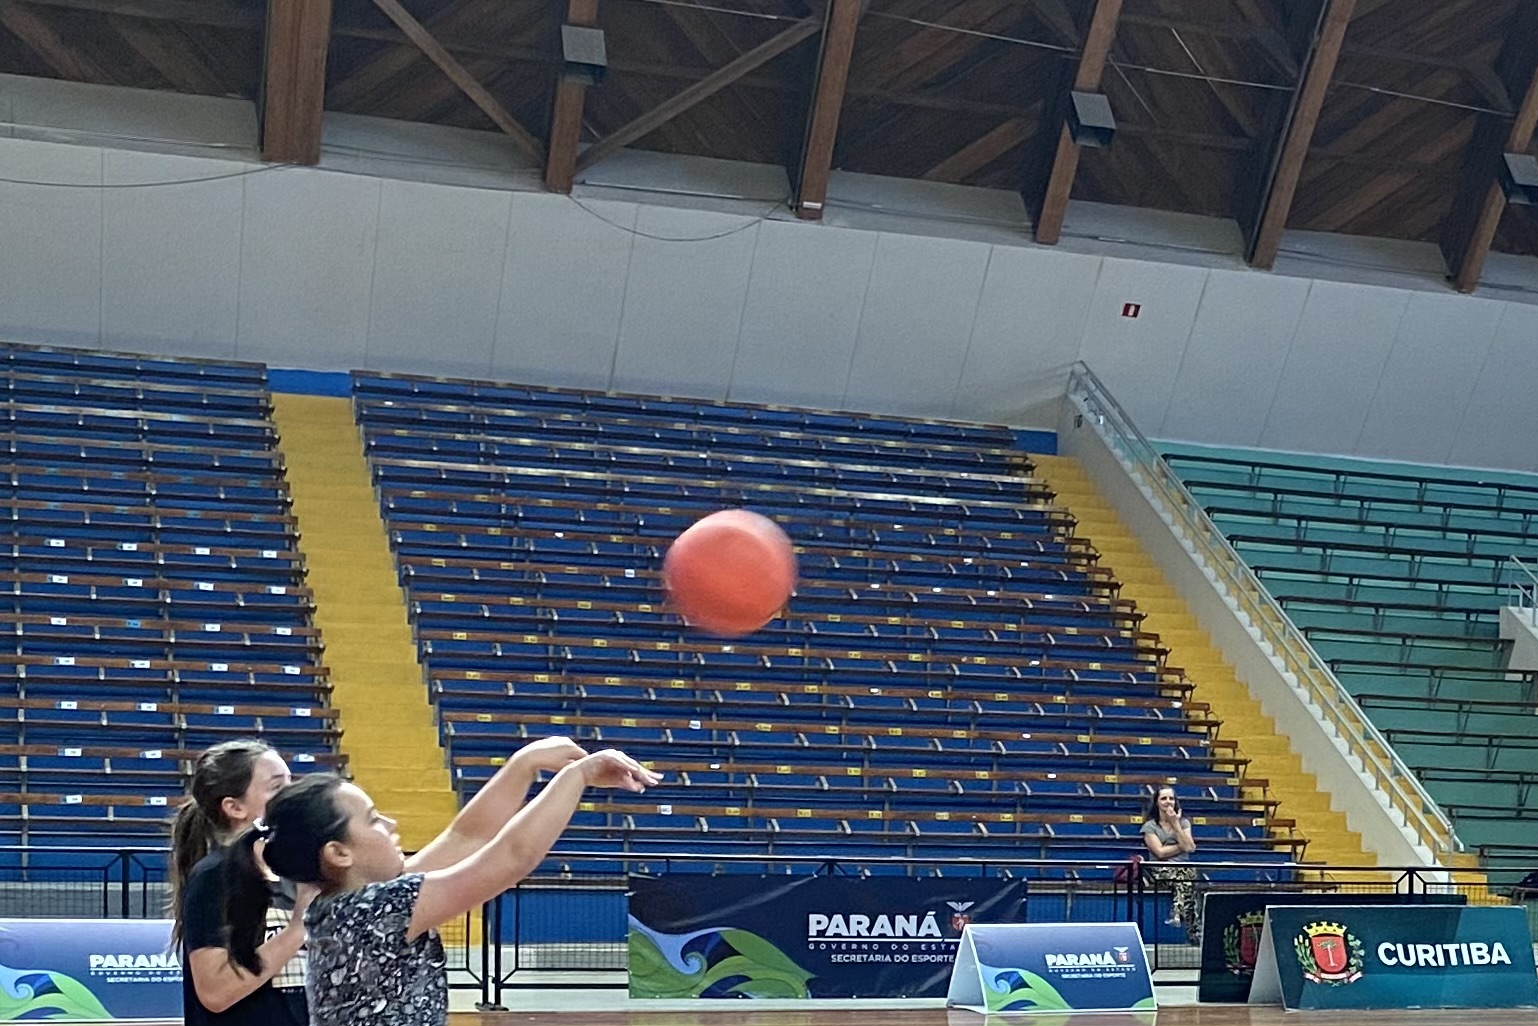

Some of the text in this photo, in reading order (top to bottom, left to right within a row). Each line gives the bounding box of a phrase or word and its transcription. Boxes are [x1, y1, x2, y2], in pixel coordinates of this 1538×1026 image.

[808, 911, 942, 937] PARANÁ
[808, 942, 956, 951] GOVERNO DO ESTA
[1377, 941, 1512, 967] CURITIBA
[893, 954, 909, 963] DO
[911, 954, 955, 963] ESPORTE
[1044, 951, 1117, 967] PARANÁ
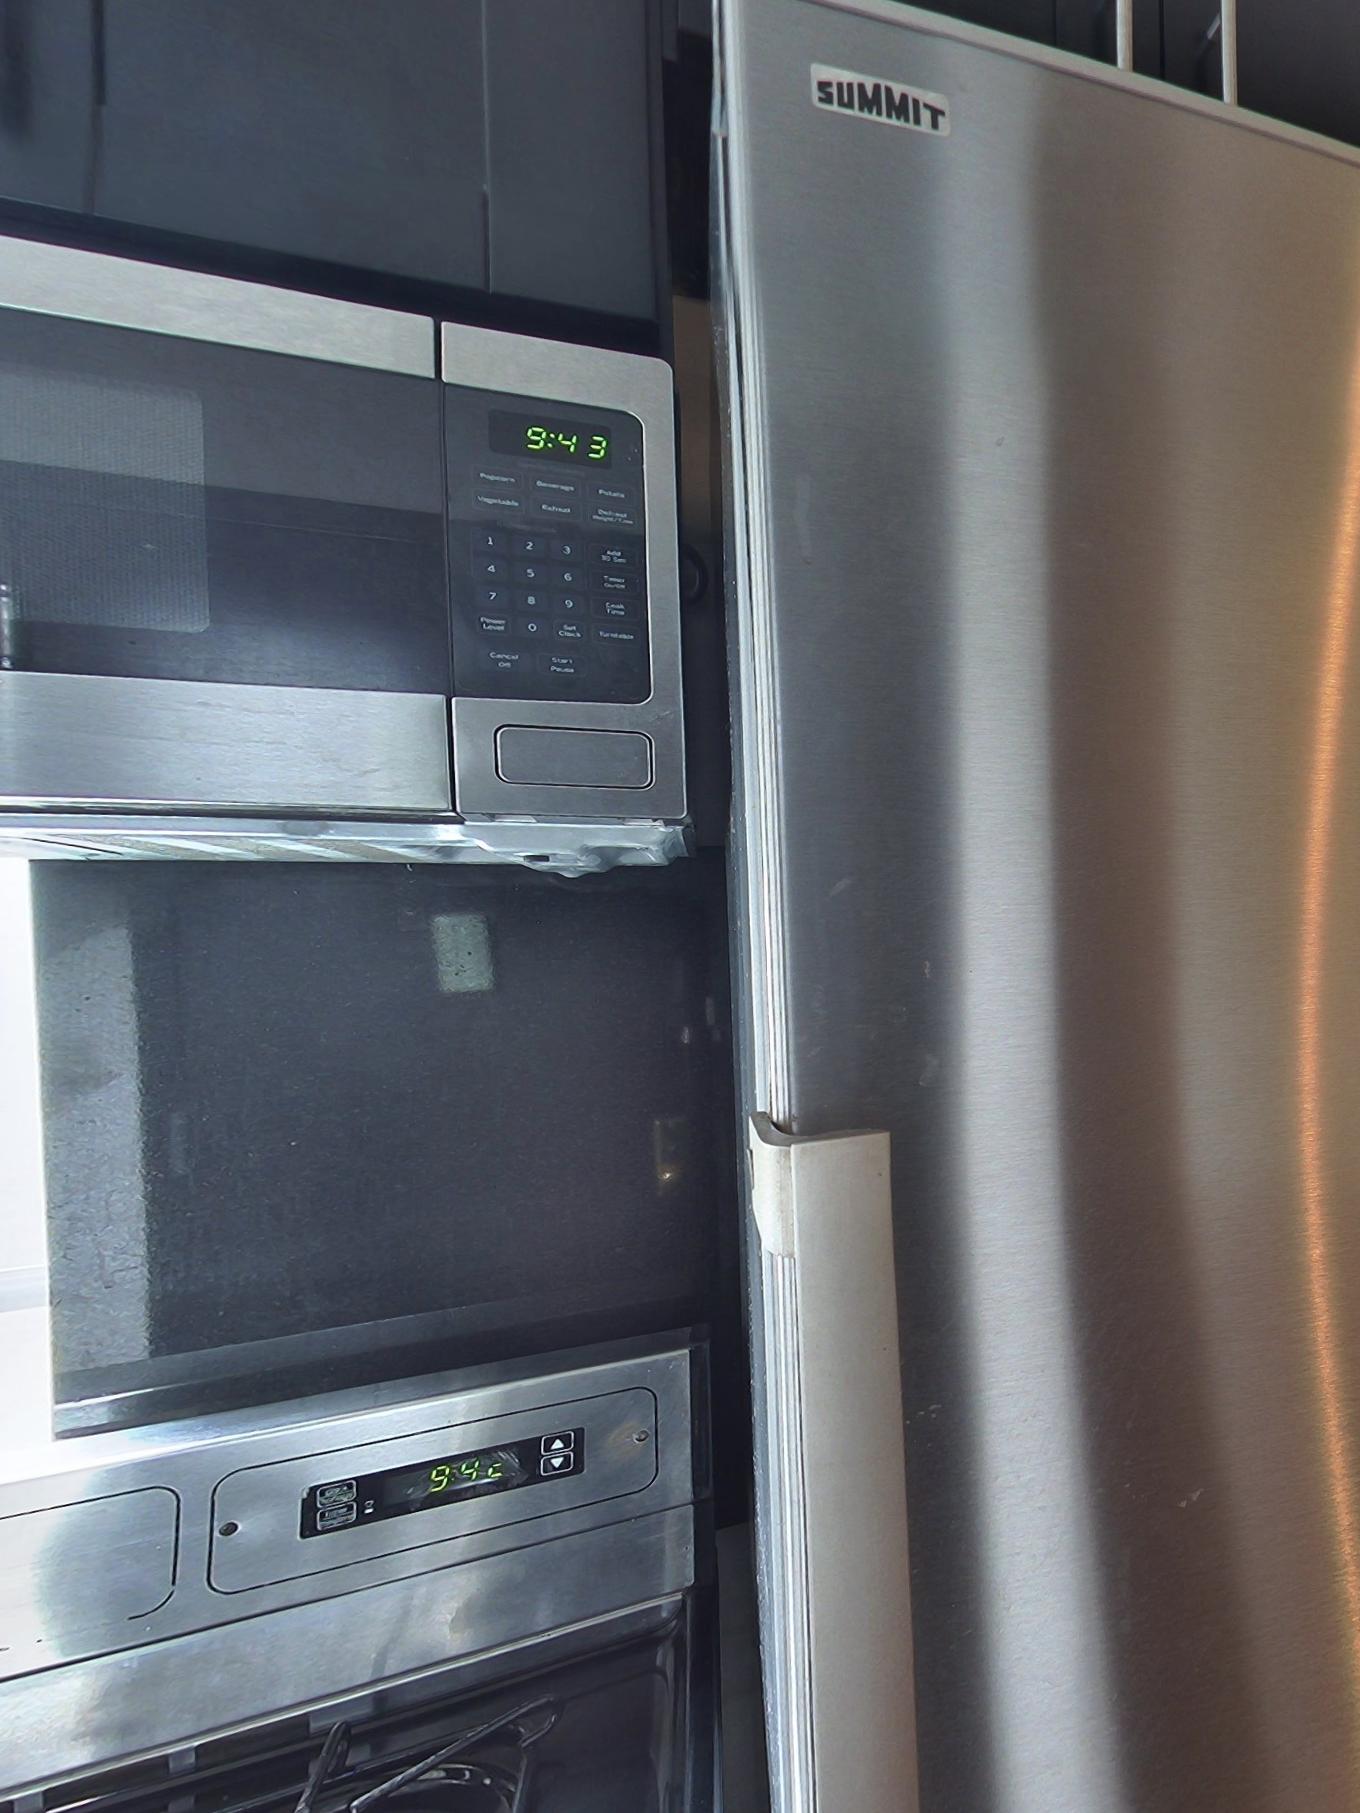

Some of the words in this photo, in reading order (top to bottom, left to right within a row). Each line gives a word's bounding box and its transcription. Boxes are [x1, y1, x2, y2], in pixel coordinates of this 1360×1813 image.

[816, 80, 946, 131] SUMMIT
[526, 426, 608, 460] 9:43
[486, 535, 494, 546] 1
[525, 541, 534, 551] 2
[562, 545, 571, 556] 3
[487, 564, 497, 574] 4
[526, 568, 535, 579] 5
[563, 572, 573, 583] 6
[488, 591, 497, 601] 7
[527, 595, 536, 606] 8
[564, 599, 574, 609] 9
[527, 623, 537, 633] 0
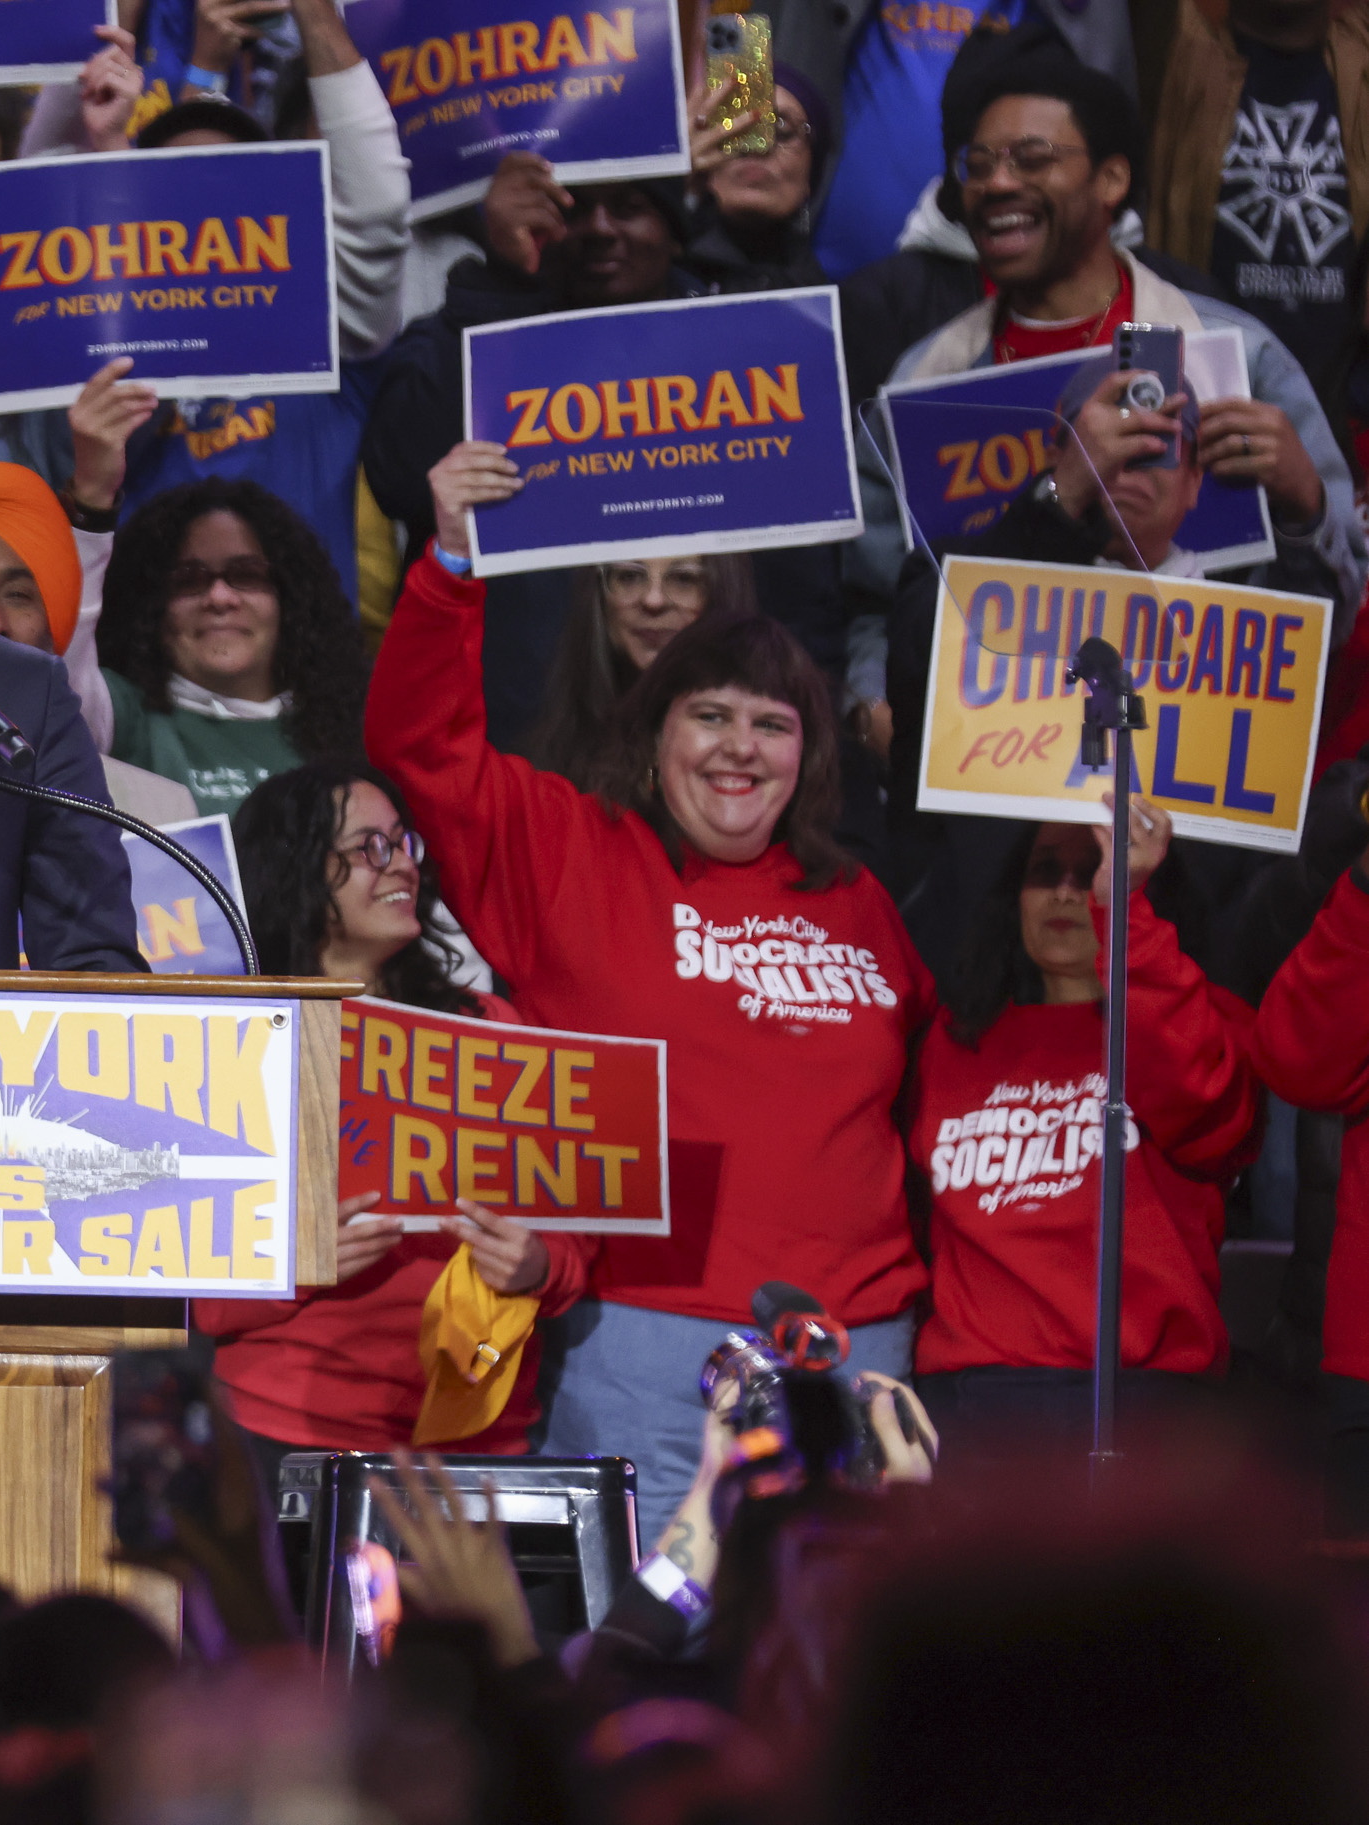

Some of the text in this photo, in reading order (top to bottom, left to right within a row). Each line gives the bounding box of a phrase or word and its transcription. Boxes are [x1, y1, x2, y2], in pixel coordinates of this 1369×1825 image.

▸ ASSIGNMENT: Copy out the data above exactly, except the pictures.

▸ TASK RESULT:
Some of the text in this photo, in reading order (top to bottom, left to right within a row). Each line gives the bounding box of a phrase or word and its transcription. Boxes are [x1, y1, x2, y2], in pixel coordinates of this 1538×1026 image.

[808, 911, 942, 937] PARANÁ
[808, 942, 956, 951] GOVERNO DO ESTA
[1377, 941, 1512, 967] CURITIBA
[893, 954, 909, 963] DO
[911, 954, 955, 963] ESPORTE
[1044, 951, 1117, 967] PARANÁ

Some of the words in this photo, in reading order (top to bottom, left to right within a row). Each line gives a word's bounding box and its transcription. Boxes are [x1, y1, x2, y2], in pixel coordinates of this 1360×1813 image.

[816, 80, 946, 131] SUMMIT
[526, 426, 608, 460] 9:43
[486, 535, 494, 546] 1
[525, 541, 534, 551] 2
[562, 545, 571, 556] 3
[487, 564, 497, 574] 4
[526, 568, 535, 579] 5
[563, 572, 573, 583] 6
[488, 591, 497, 601] 7
[527, 595, 536, 606] 8
[564, 599, 574, 609] 9
[527, 623, 537, 633] 0

Some of the text in this photo, in reading order (top to bottom, left to right within a row). Each line gives the bounding box of a phrase or word and its transcription. Boxes are [x1, y1, x2, y2], in pixel coordinates of this 1369×1825 image.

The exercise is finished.